Have you ever seen a full moon? Let’s take a look at some wonderful artists who have featured our celestial companion in a variety of settings across the ages. Our title image is by Edvard Munch; the undulating coastline forms a counter-point to the strict vertical lines of the trees and the column of reflected moonlight. There are no people here – this painting is very much about mood and feeling.

1. William Turner

Full Moon in Painting
Full Moon in Art: Joseph Mallord William Turner, Fishermen at Sea, 1796, Tate, London, UK.

J. M. W. Turner takes a very different approach. Here we see a stormy sea, lit by moonlight, the tiny human figures with their meager lantern very much at the mercy of nature. This was the first oil painting that Turner exhibited at the Royal Academy, fueling a vogue for nocturnal paintings.

2. Henri Rousseau

Full Moon in Painting
Full Moon in Art: Henri Rousseau, The Sleeping Gypsy, 1897, Museum of Modern Art, New York, NY, USA.
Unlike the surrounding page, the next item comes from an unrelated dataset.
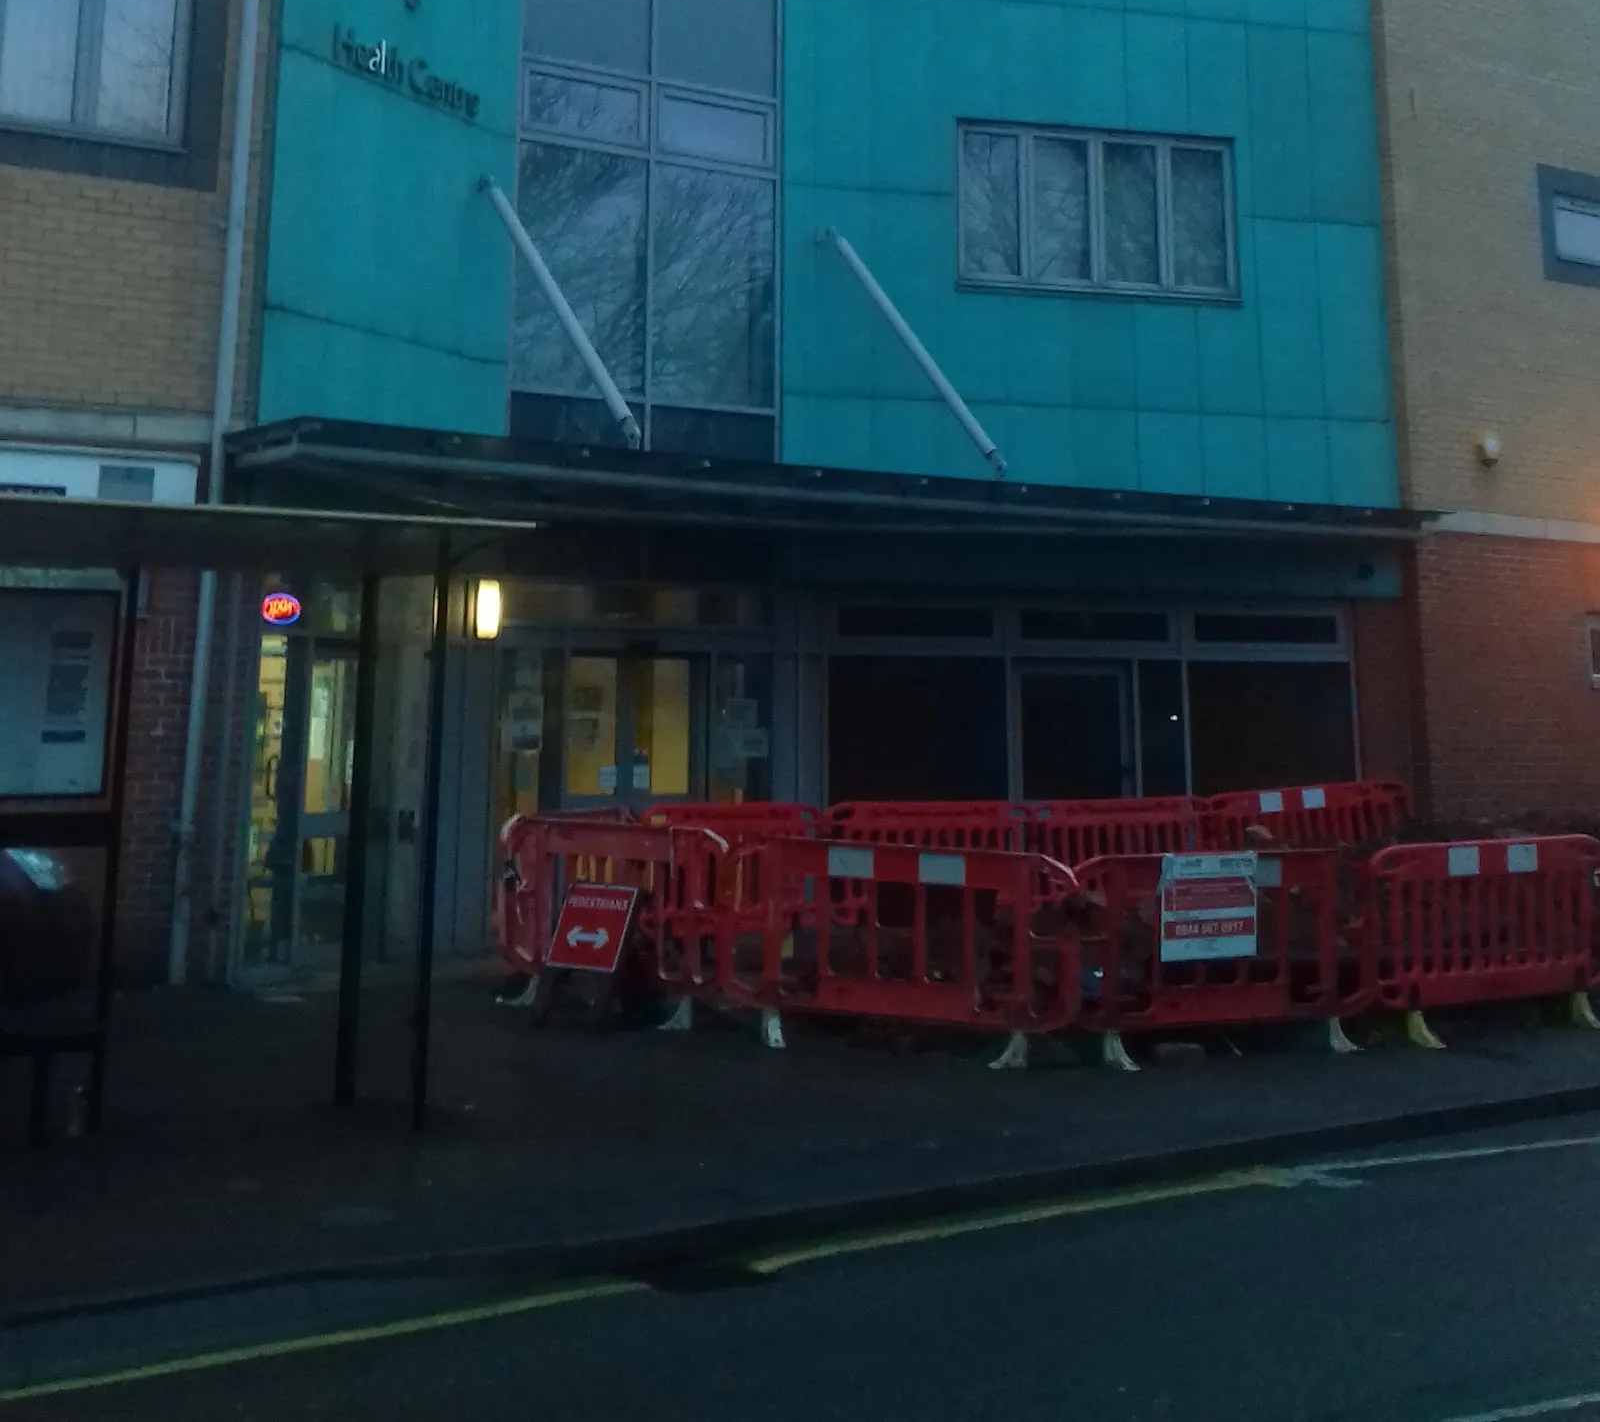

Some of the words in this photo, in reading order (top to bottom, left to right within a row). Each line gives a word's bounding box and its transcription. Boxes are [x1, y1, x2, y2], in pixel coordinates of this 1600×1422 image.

[331, 21, 405, 88] Health
[407, 55, 481, 119] Centre
[566, 895, 629, 911] PEDESTRIANS
Turning back to a more serene yet mysterious scene, we see a sleeping woman, visited by a lion, who chooses not to harm her. Henri Rousseau was mostly a self-taught painter, but his simple lines and fantastic imagery were immensely popular.

3. Vincent van Gogh

But where is Van Gogh, I hear you ask? Well yes, he must surely appear in any list of moonlit paintings, his most famous perhaps being Starry Night. But that actually features a crescent moon, so sticking with our full moon theme, we see instead this painting of a full moon rising over a wheat field. Scientists have actually been able to pinpoint the exact time this particular moon rose over that field: 9:08 pm on 13th July 1889!

Full Moon in Painting
Full Moon in Art: Vincent van Gogh, Landscape With Wheat Sheaves and Rising Moon, 1889, Kröller Müller Museum, Otterlo, Netherlands.

4. Andō Hiroshige

Vincent van Gogh (and many other Western artists) studied and reproduced the prints of Japanese artist Andō Hiroshige, who was considered the last great master of the ukiyo-e tradition. So let us end with his image, featuring a waterfall falling in front of a magnificent moon.

Full Moon in Painting
Full Moon in Art: Andō Hiroshige, The Moon Over A Waterfall, c. 1797-1858. Wikimedia Commons (public domain).